*** Supplied records Section Begins ***
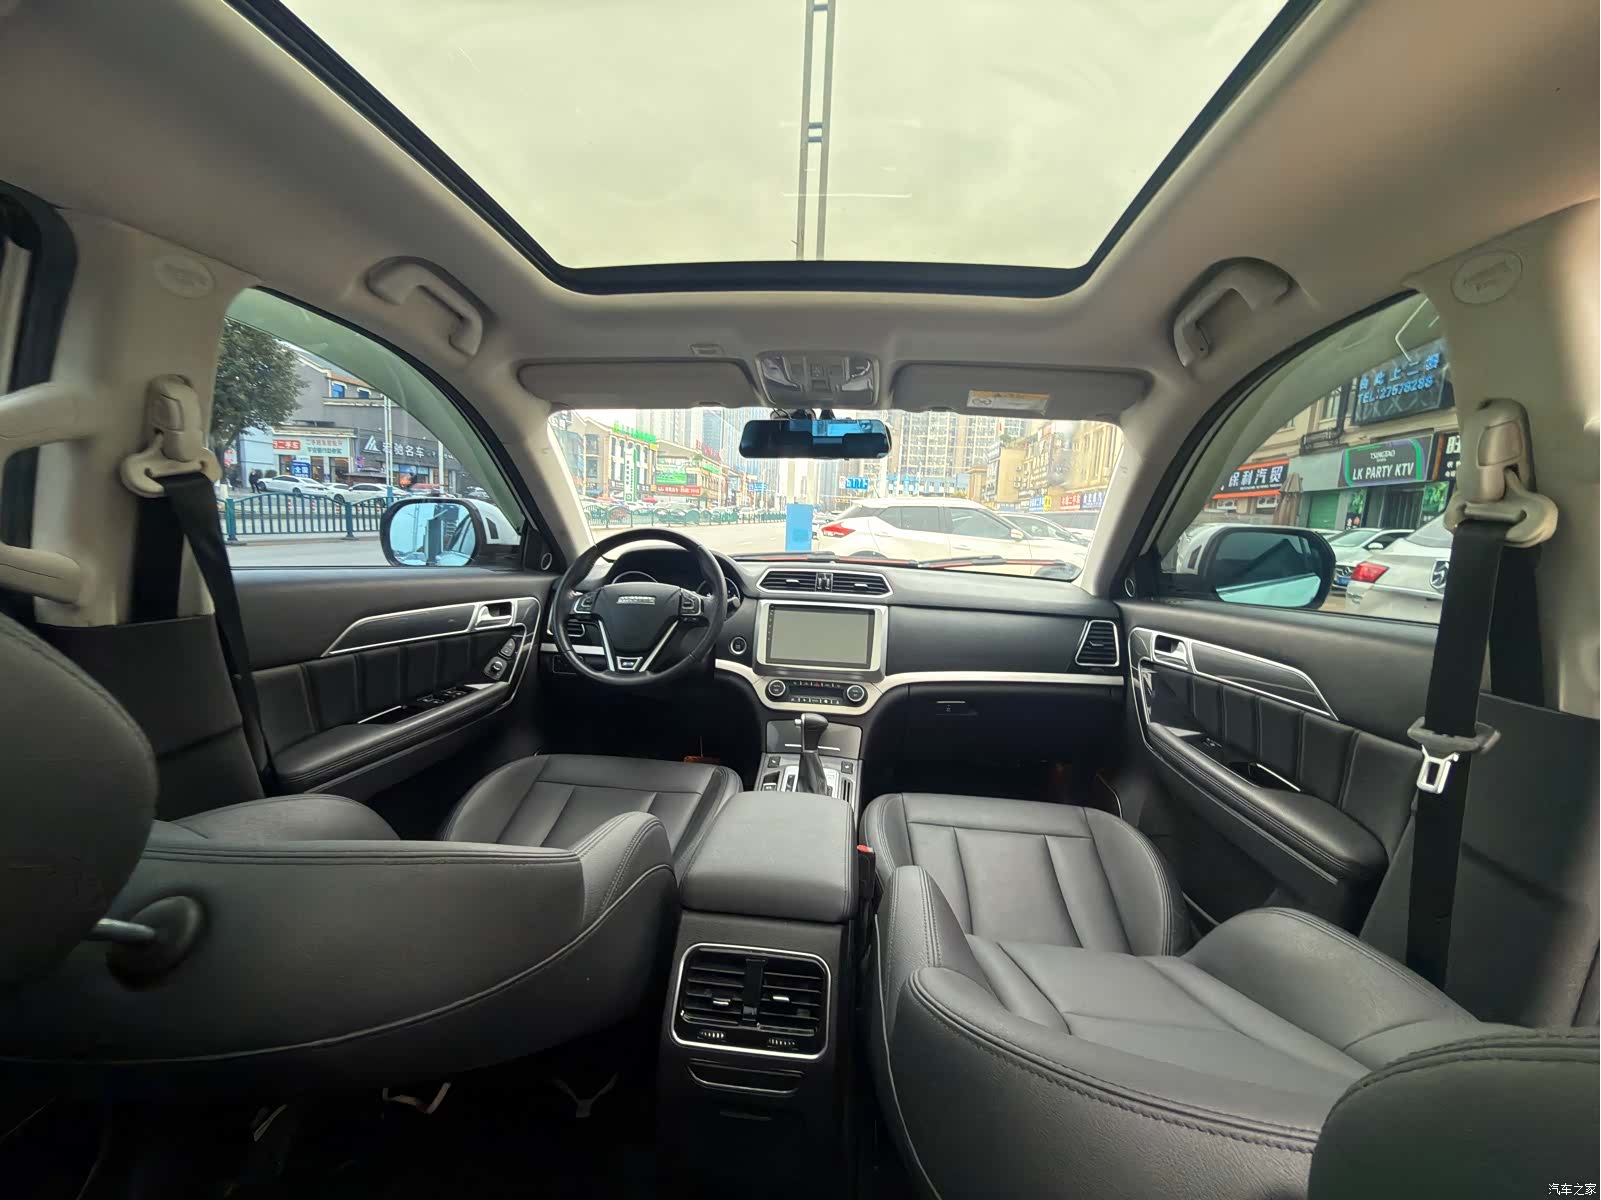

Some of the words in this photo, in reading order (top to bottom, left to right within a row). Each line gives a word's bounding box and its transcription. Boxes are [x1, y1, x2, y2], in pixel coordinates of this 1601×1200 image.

[1228, 465, 1284, 488] 保利汽贸
[1352, 467, 1364, 481] LK
[1365, 464, 1393, 480] PARTY
[1395, 462, 1414, 477] KTV
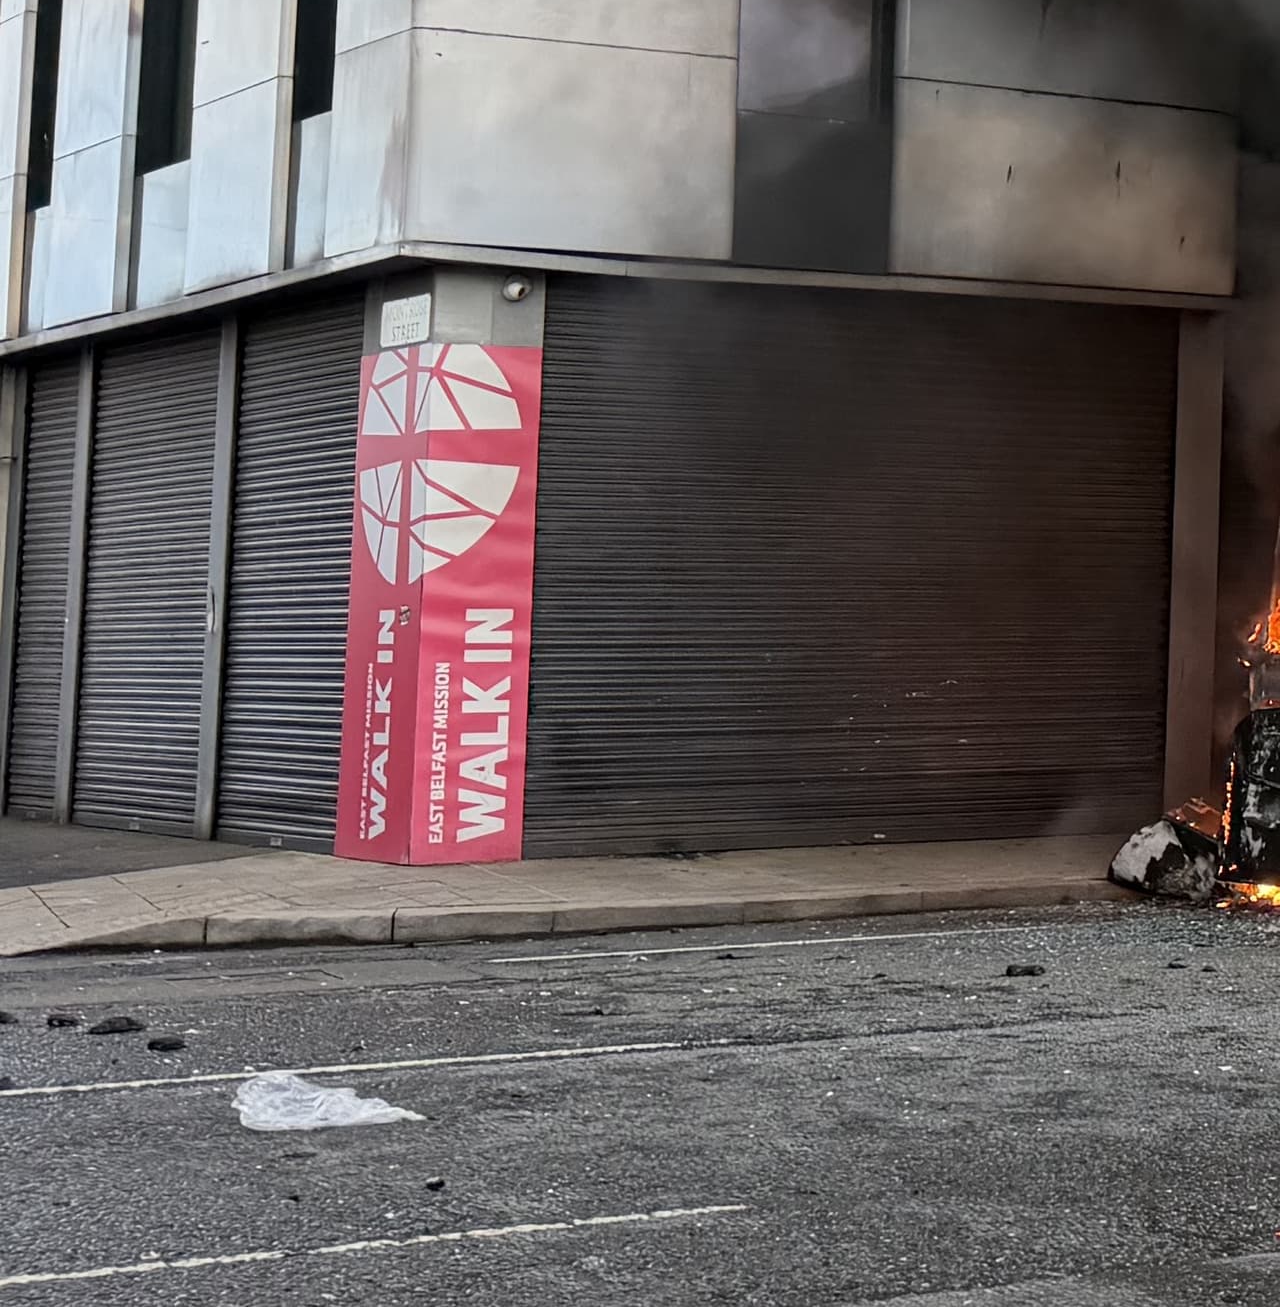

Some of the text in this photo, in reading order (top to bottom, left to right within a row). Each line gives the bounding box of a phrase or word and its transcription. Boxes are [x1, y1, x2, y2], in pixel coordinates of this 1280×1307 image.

[392, 322, 420, 341] STREET
[359, 662, 374, 839] EAST BELFAST MISSION
[367, 610, 395, 840] WALK IN
[428, 662, 451, 844] EAST BELFAST MISSION
[455, 609, 515, 843] WALK IN
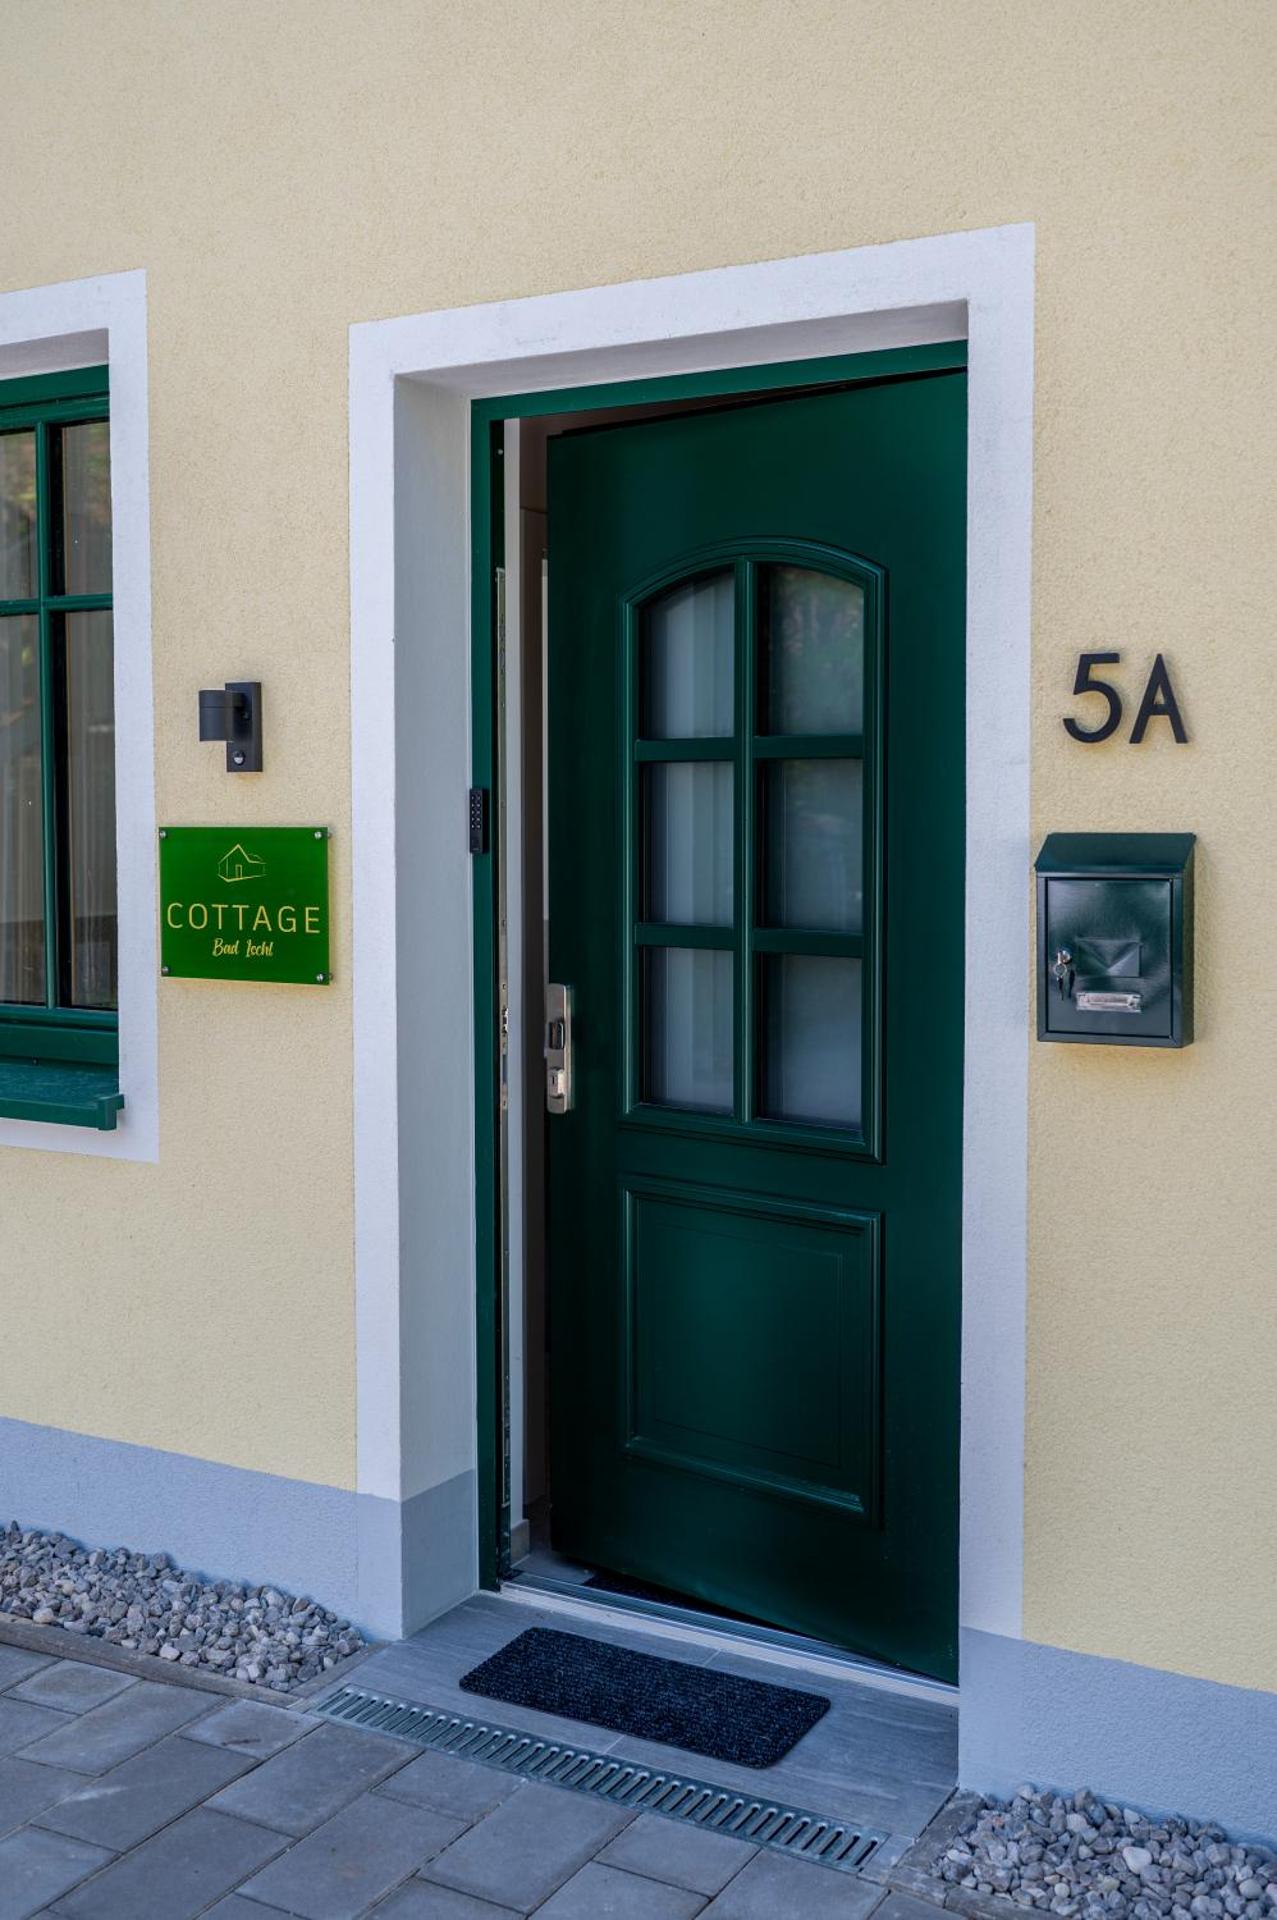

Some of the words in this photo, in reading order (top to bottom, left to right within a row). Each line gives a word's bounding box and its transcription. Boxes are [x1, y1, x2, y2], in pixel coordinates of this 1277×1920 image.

[1062, 652, 1189, 744] 5A
[167, 902, 320, 934] COTTAGE
[212, 937, 240, 957] Bad
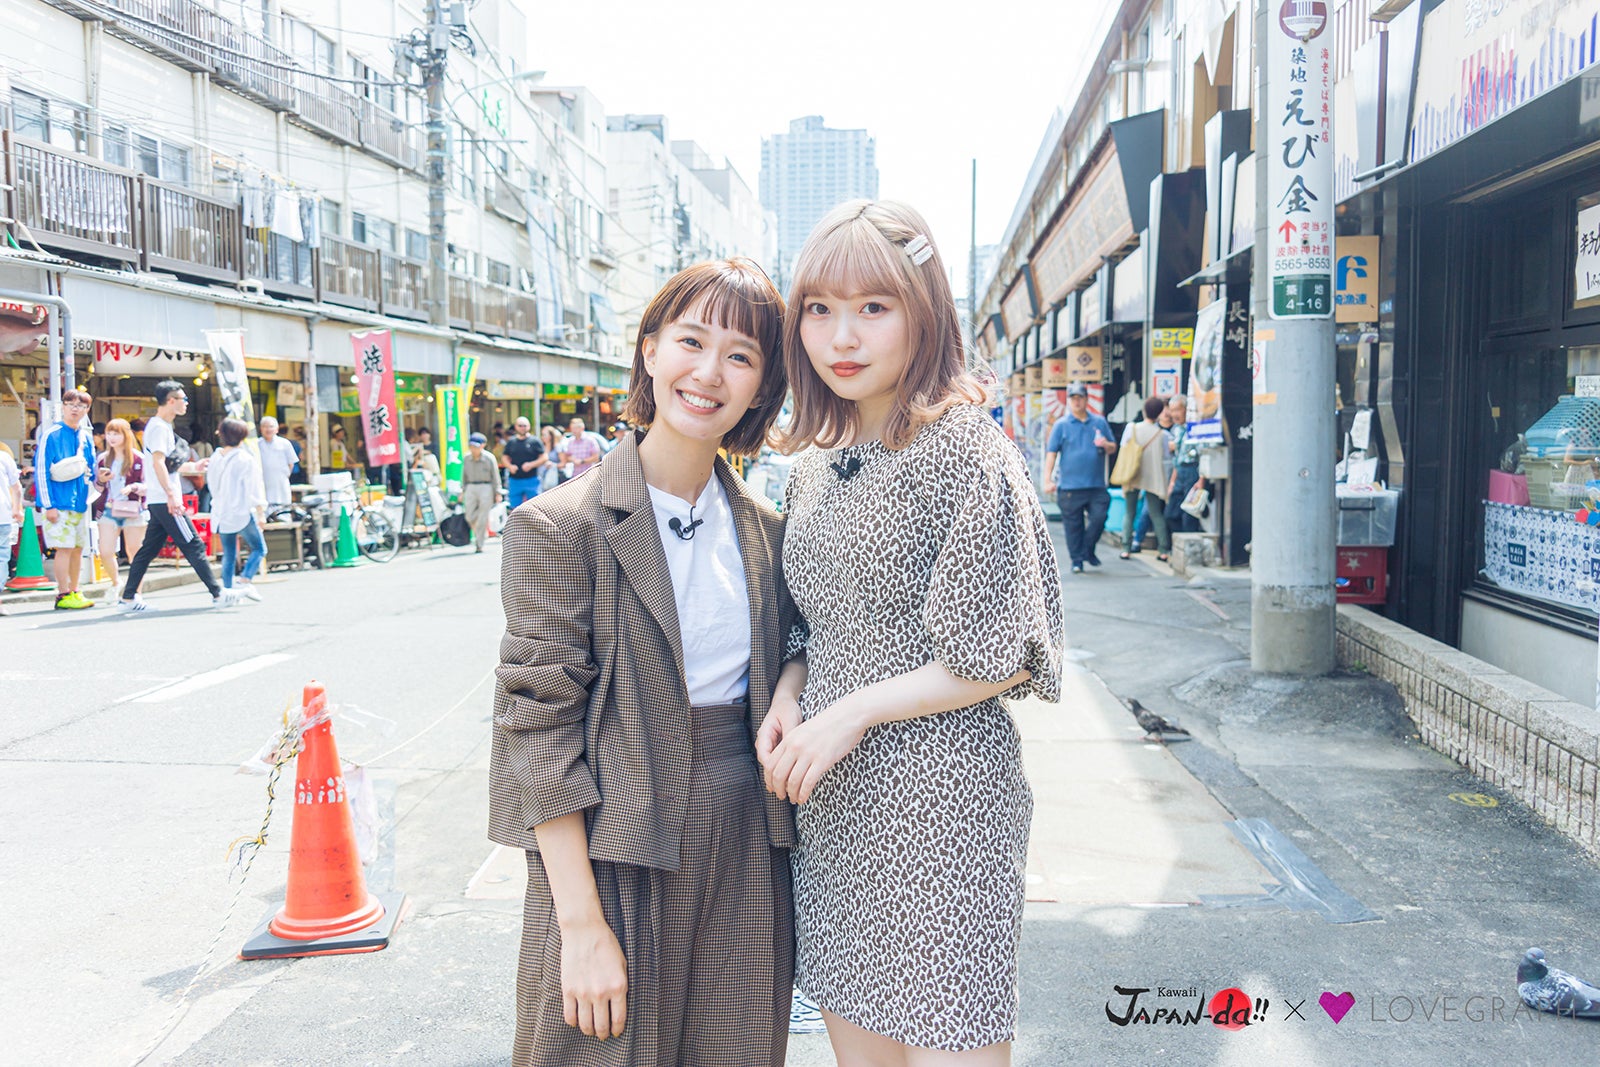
*** Supplied records Section Ends ***
= Task =
Every entry above, pictures excluded, needs to be duplicated exactly.

= Reply =
Some of the words in this photo, in reading order (top to bottom, left to right within a row). Each line gives a word's bounding box and its transcription. Boxes are [x1, y1, x2, y2], in pixel coordinates of this 1601×1200 image.

[1228, 465, 1284, 488] 保利汽贸
[1352, 467, 1364, 481] LK
[1365, 464, 1393, 480] PARTY
[1395, 462, 1414, 477] KTV

Some of the text in this photo, in reading order (top to bottom, left to right within a row). Each line gives the bounding box of a phrase or word and its transcription. Boxes are [x1, y1, x2, y2], in pixel coordinates of this 1280×1307 image.

[392, 322, 420, 341] STREET
[359, 662, 374, 839] EAST BELFAST MISSION
[367, 610, 395, 840] WALK IN
[428, 662, 451, 844] EAST BELFAST MISSION
[455, 609, 515, 843] WALK IN

Some of the words in this photo, in reading order (top to bottom, left to right within a row). Each line gives a word's bounding box and its transcription. Boxes are [x1, y1, x2, y2], in pixel coordinates of this 1277×1920 image.

[1062, 652, 1189, 744] 5A
[167, 902, 320, 934] COTTAGE
[212, 937, 240, 957] Bad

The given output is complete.